América, la indescifrable y turbadora América, caja de resonancias de todo lo que en Europa ocurre, no podía permanecer ajena a estos nuevos aires que soplaban más allá del océano. Latente aún en el norte el espíritu grandioso del viejo Walt Whitman, el equivalente norteamericano de Víctor Hugo o de Rubén Darío, entre sus versos se preguntaba sobre el destino de la poesía en su tierra:
¡Poetas del futuro! ¡Oradores, cantores, músicos venideros!
No es éste el día de mi justificación, ni el de explicar lo que represento, pero vosotros, una nueva estirpe, atlética, continental, grandiosa como nunca.
¡Surgiréis! Porque debéis justificar lo que yo canto.
Los versos de Whitman parecían, sin embargo, estrellarse en el vacío, frente a las jóvenes generaciones desorientadas que alimentaban un inobjetable culto a William Carlos Williams, e.e. cummings y Ezra Pound, además de un enorme respeto hacia el equilibrio que T. S. Eliot había logrado construir en su voluntario destierro. Fue necesaria una tragedia, tan escalofriante como la Segunda Guerra Mundial, para que de entre sus mismas cenizas comenzara a nacer una concepción distinta del hombre y de la sociedad norteamericana. Una nueva mentalidad surgía en la juventud estadounidense, una juventud divorciada de sus mayores, rebelde y vagabunda que, perseguida muchas veces, se refugiaba en los suburbios del paraíso americano. Esos jóvenes, escudados en el jazz, infiltrados y expulsados de las universidades, presos en las cárceles por robo, escándalo o violación, trastornados por la droga o la bebida, acusados por los inquisidores, perseguidos por la ley, el orden y la moral de sus ciudades natales, se autobautizaron beatniks.
La palabra
beat, según explicó John Clellon Holmes, novelista y crítico de la corriente, define un estado mental en el que el ser humano se ha despojado de todo lo innecesario, quedando receptivo ante la realidad circundante, pero a la vez impaciente por los obstáculos triviales.

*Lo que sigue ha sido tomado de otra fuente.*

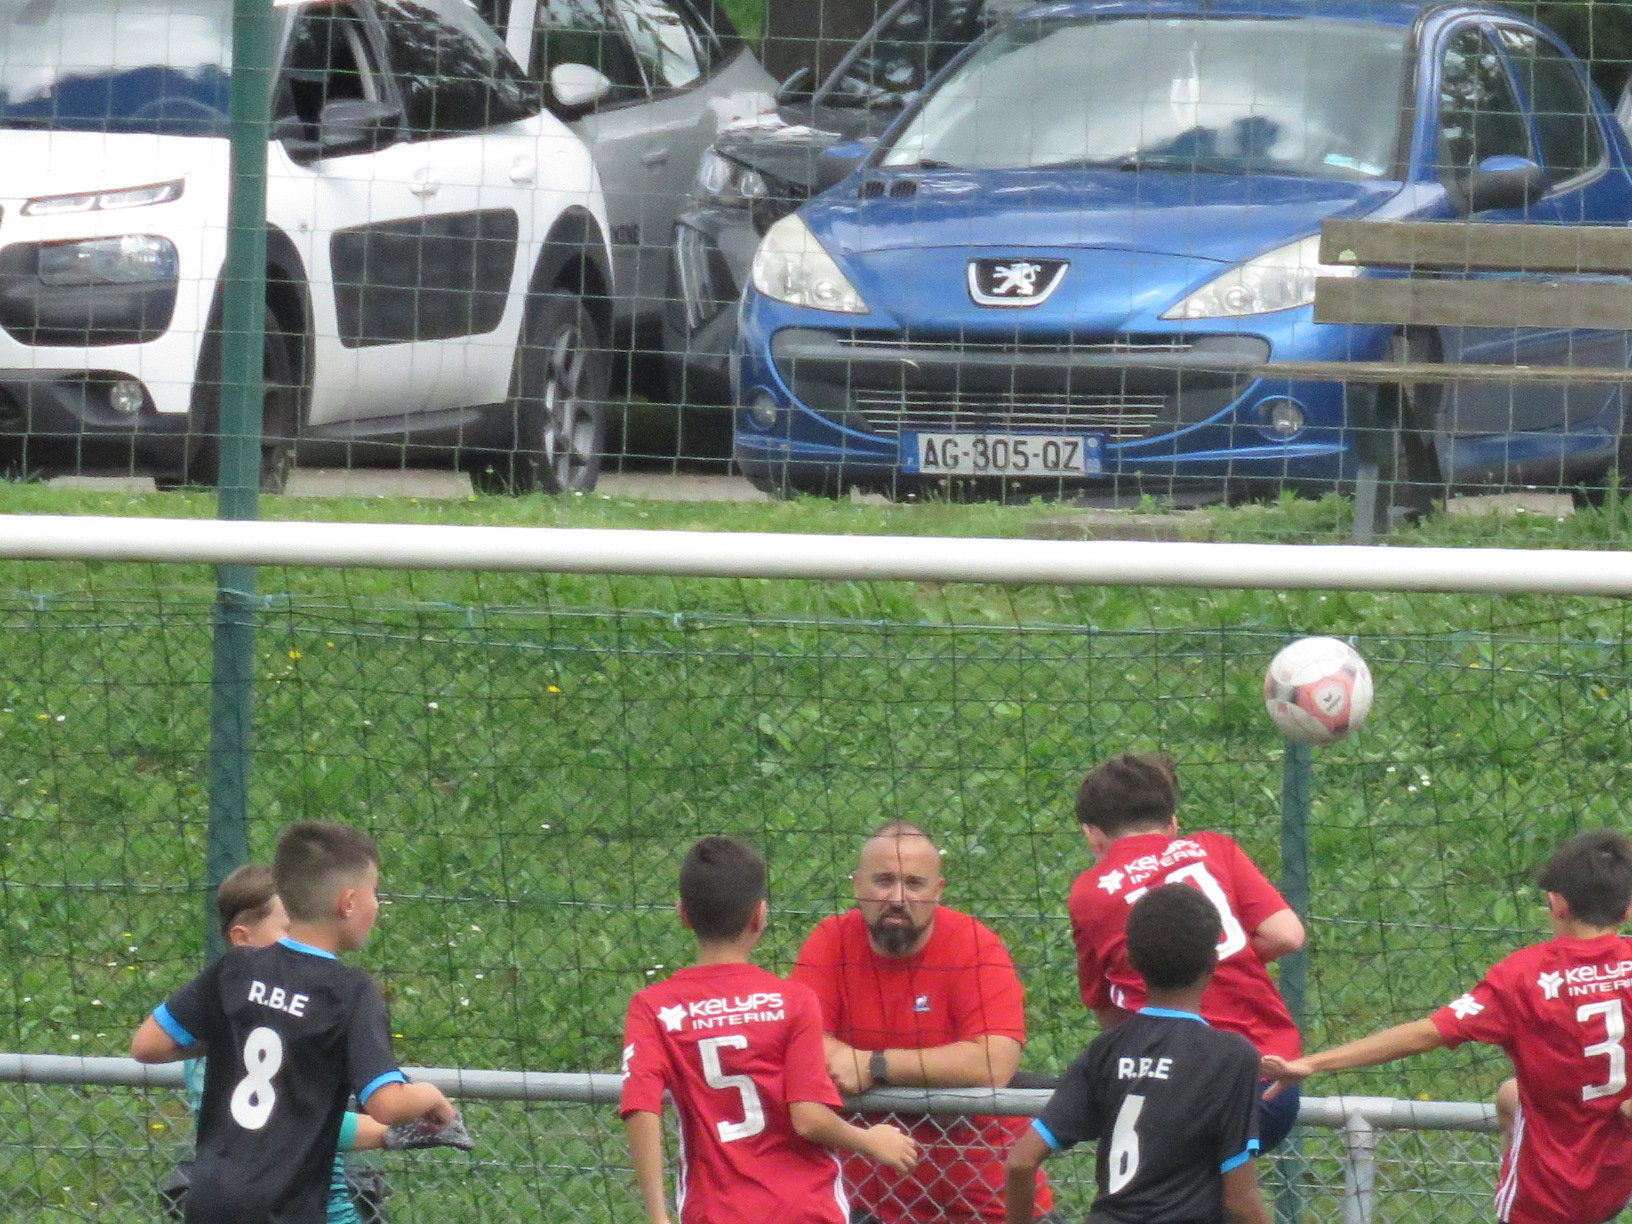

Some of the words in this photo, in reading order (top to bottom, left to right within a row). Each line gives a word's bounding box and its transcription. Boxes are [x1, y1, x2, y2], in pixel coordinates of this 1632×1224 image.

[923, 437, 1081, 472] AG-305-QZ
[247, 980, 309, 1018] R.B.E
[692, 1009, 785, 1030] INTERIM
[230, 1026, 283, 1131] 8
[698, 1034, 766, 1143] 5
[1576, 998, 1627, 1102] 3
[1108, 1094, 1147, 1195] 6

«Ser beat,» dice, «es estar en el fondo de la propia personalidad, mirando hacia arriba.» Ser existencial más en el sentido de Kierkegaard que en el de Jean-Paul Sartre. El carácter «beatífico" o «beato» del movimiento fue explicado por Jack Kerouac, que es el creador de la denominación, y que parece relacionarse más con el adjetivo «frustrado» que con el «derrotado», evocando a la vez el sustantivo «beat", aplicado a batir palmas o pulsar acompasadamente una música, generalmente el jazz.
Exponiendo los alcances meramente poéticos del movimiento «beat», Gregory Corso, uno de sus miembros más destacados, explicó:
El más importante servicio prestado por la "Generación Beat» se refiere a la noción de «medida» en poesía. Cuando surgió esta generación, algunos poetas de inspiración profética insistían ya sobre la imperativa necesidad de rejuvenecer los viejos stocks de versos yámbicos, introduciendo elementos de prosodia espontánea, "ritmo bop», imágenes reales-superreales, rupturas, golpeteos, medidas extáticas, largas vocales rapídicas lineales largas, largas y sobre todo: alma. Estos poetas bautizaron a la generación del 50: la llamaron «Generación Beat». No habían previsto las deformaciones estúpidas que el futuro tenía reservadas a este término.